Learn how to cut a mango with this step-by-step guide!  

Cutting a mango isn’t difficult, but if you’re attempting it for the first time, it can be perplexing. Here’s an easy, tried-and-true method for how to cut a mango from start to finish. 

The delicious sweet flesh can be sliced or diced and enjoyed as a stand-alone snack or added to various recipes like mango salsa or a Grilled Mahi-Mahi dinner.    

How can you tell if a mango is ripe?

The best way to cut a mango is to use one that is ripe, but still firm. Otherwise, the mango ends up being mushy and difficult to cut. A few tips: 

  • Never choose a mango based on its color alone.  
  • When choosing a ripe mango, simply give it a gentle squeeze. If it gives slightly, it should be ripe enough to slice for your recipes.  
  • Smell the mango’s stem. If it’s ripe, you’ll notice a fruity, almost tropical smell.  
  • Unless you’re making a smoothie, sorbet, or jam, avoid using mangos that are extremely soft.  

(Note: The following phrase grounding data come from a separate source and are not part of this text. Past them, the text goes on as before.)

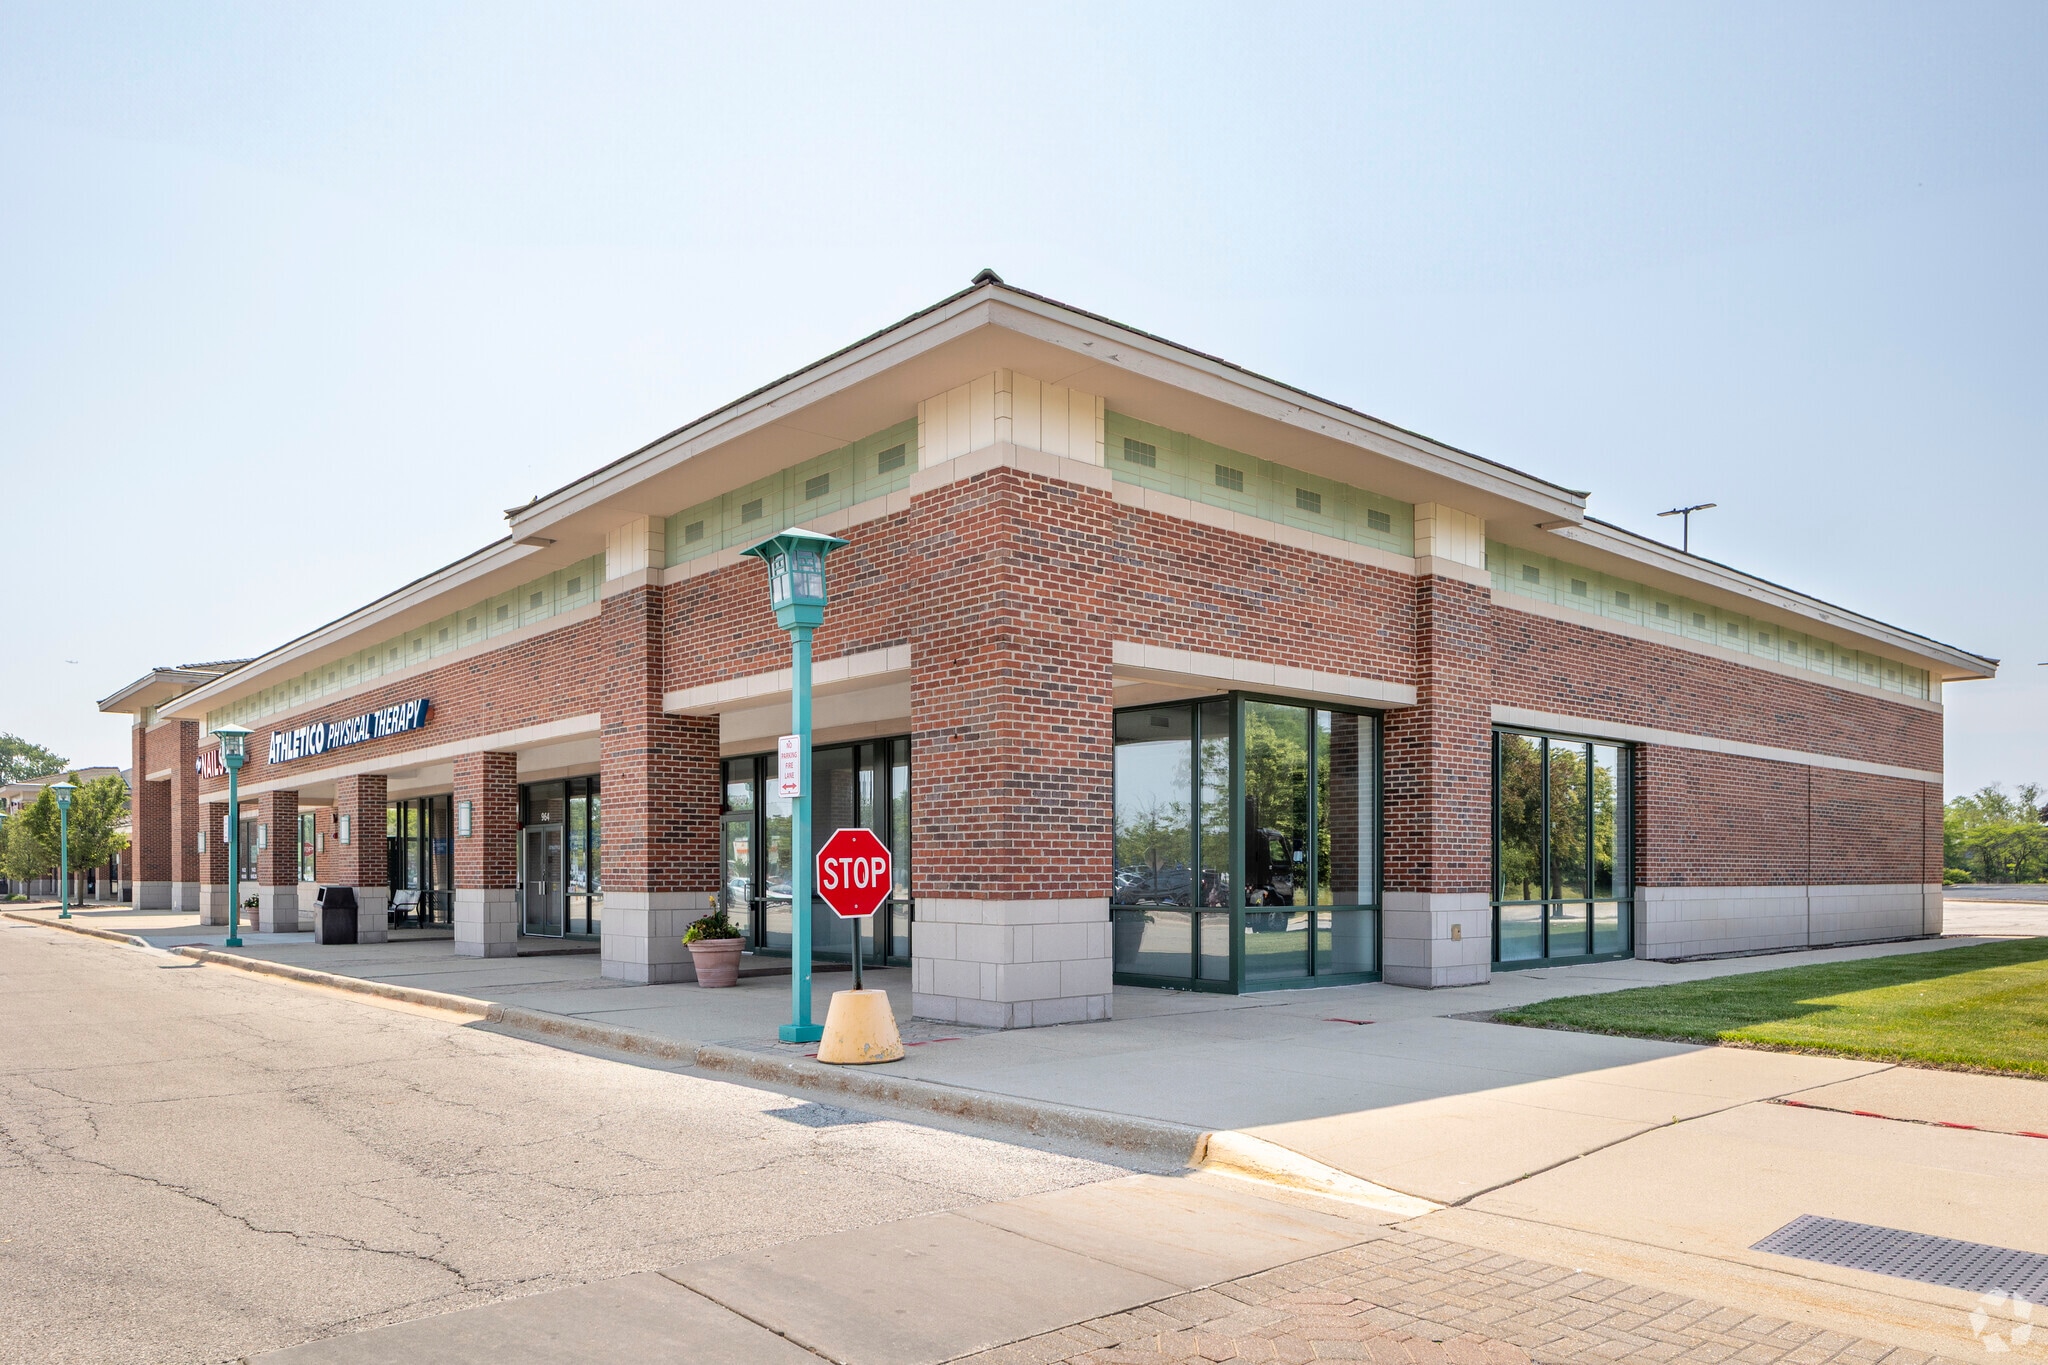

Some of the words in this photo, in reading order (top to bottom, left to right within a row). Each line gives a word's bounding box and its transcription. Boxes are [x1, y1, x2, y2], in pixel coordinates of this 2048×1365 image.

[268, 722, 325, 765] ATHLETICO
[327, 713, 371, 749] PHYSICAL
[374, 698, 422, 738] THERAPY
[201, 748, 224, 779] NAILS
[823, 857, 886, 890] STOP

How can you speed up the ripening process?

If you have mangoes that you want to ripen faster, you can put them in a brown paper bag and store them at room temperature. The ethane gas released from the fruit will help them ripen faster. To speed up the ripening process even more, add a banana or apple to the bag. 

Pro tip: Never refrigerate unripe mangoes because they won’t continue to ripen in the chilly temperatures of the fridge.  

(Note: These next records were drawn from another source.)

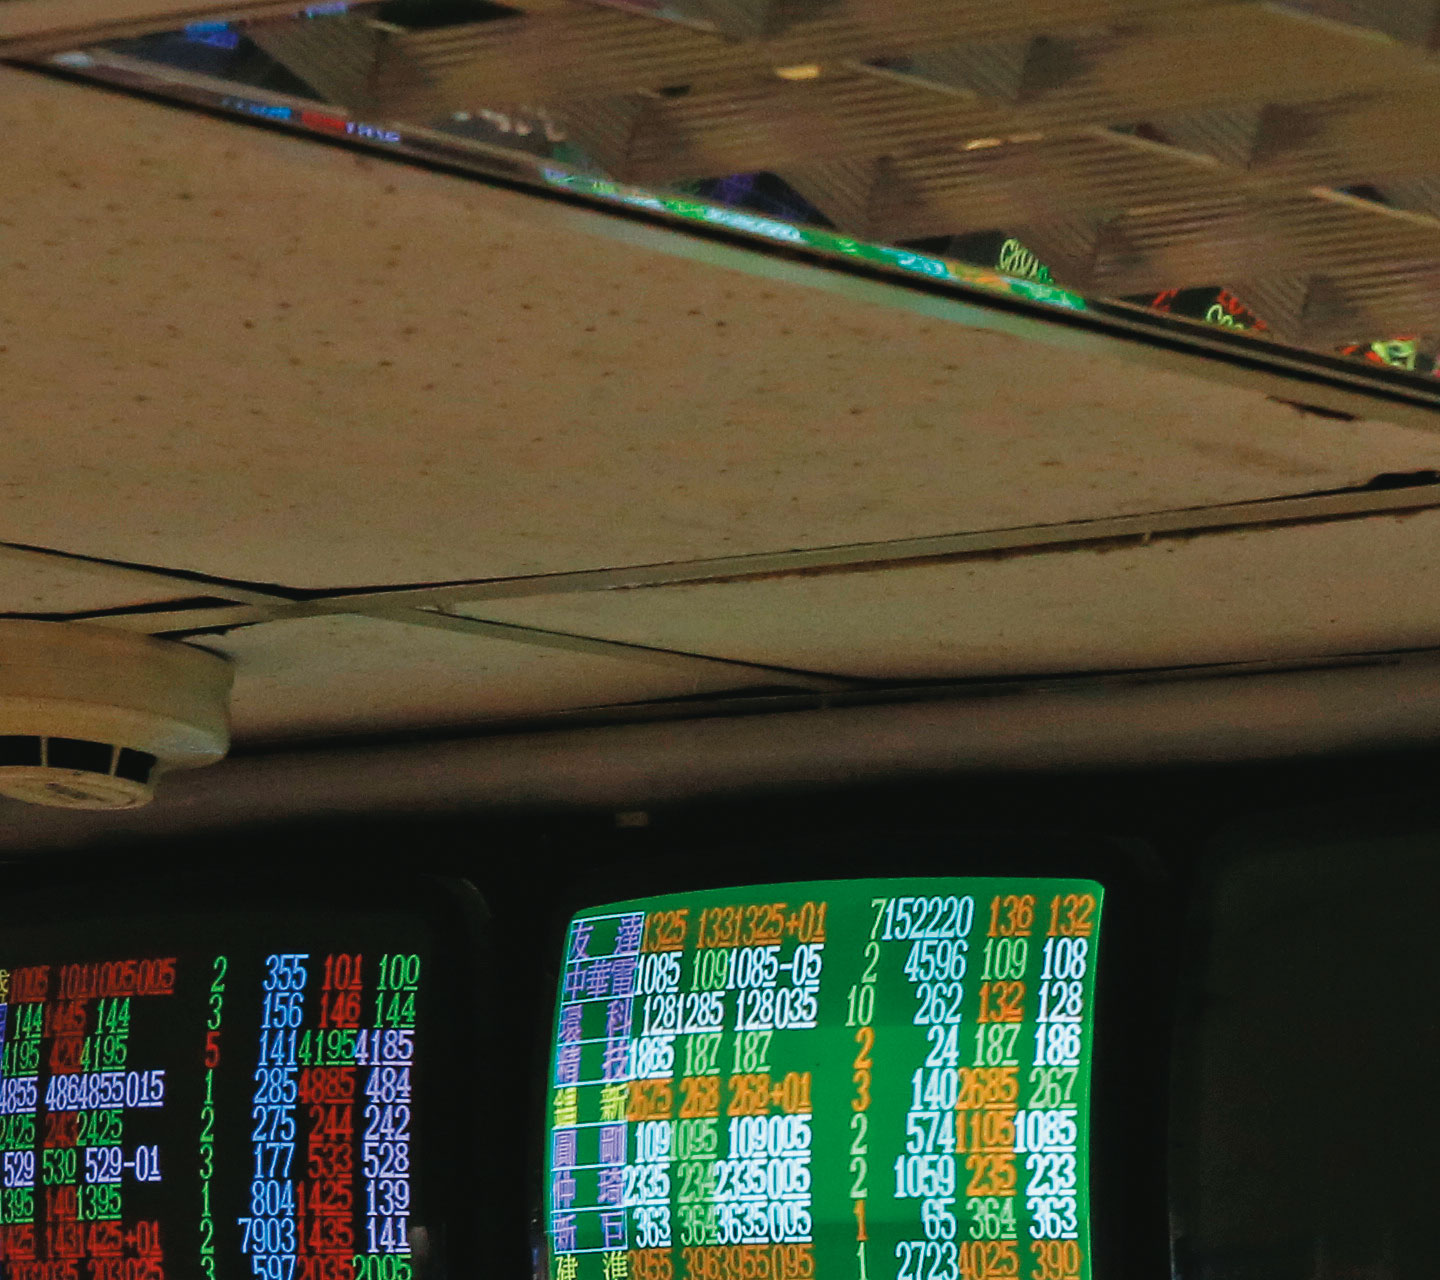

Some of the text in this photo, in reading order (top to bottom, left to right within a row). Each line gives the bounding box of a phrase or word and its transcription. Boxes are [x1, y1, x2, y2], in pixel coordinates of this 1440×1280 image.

[988, 895, 1093, 936] 136 132
[263, 955, 419, 990] 355 100
[905, 941, 967, 982] 4596
[981, 940, 1027, 979] 109
[1042, 939, 1086, 979] 108
[96, 994, 415, 1035] 144 156 144
[845, 982, 1082, 1026] 10 262 132 128
[258, 1029, 413, 1065] 141 4185
[927, 1025, 1080, 1067] 24 187 186
[255, 1068, 410, 1103] 285 484
[252, 1105, 410, 1141] 275 242
[907, 1112, 956, 1153] 574
[253, 1142, 409, 1178] 177 528
[894, 1155, 1076, 1197] 1059 233
[251, 1179, 410, 1216] 804 139
[238, 1217, 410, 1253] 7903 141
[921, 1199, 1077, 1240] 65 363

To the contrary, if you want to increase their shelf-life once they’re ripe, you can refrigerate them whole.  

How should you store your mango once it’s sliced?

Refrigerate your freshly cut mango in an airtight container or zip-seal bag (squeeze out any excess air) for 3-5 days.  

Can you freeze mango?

To freeze fresh cut mango, evenly spread the pieces out on a baking sheet that’s lined with parchment paper. Place the baking sheet in the freezer for a few hours until the pieces are firm. This is called flash freezing and prevents the chunks of mango from freezing together in one big brick of ice. After the pieces are frozen, quickly transfer them to a freezer-friendly bag or airtight container and store them in the freezer for up to 4 months.  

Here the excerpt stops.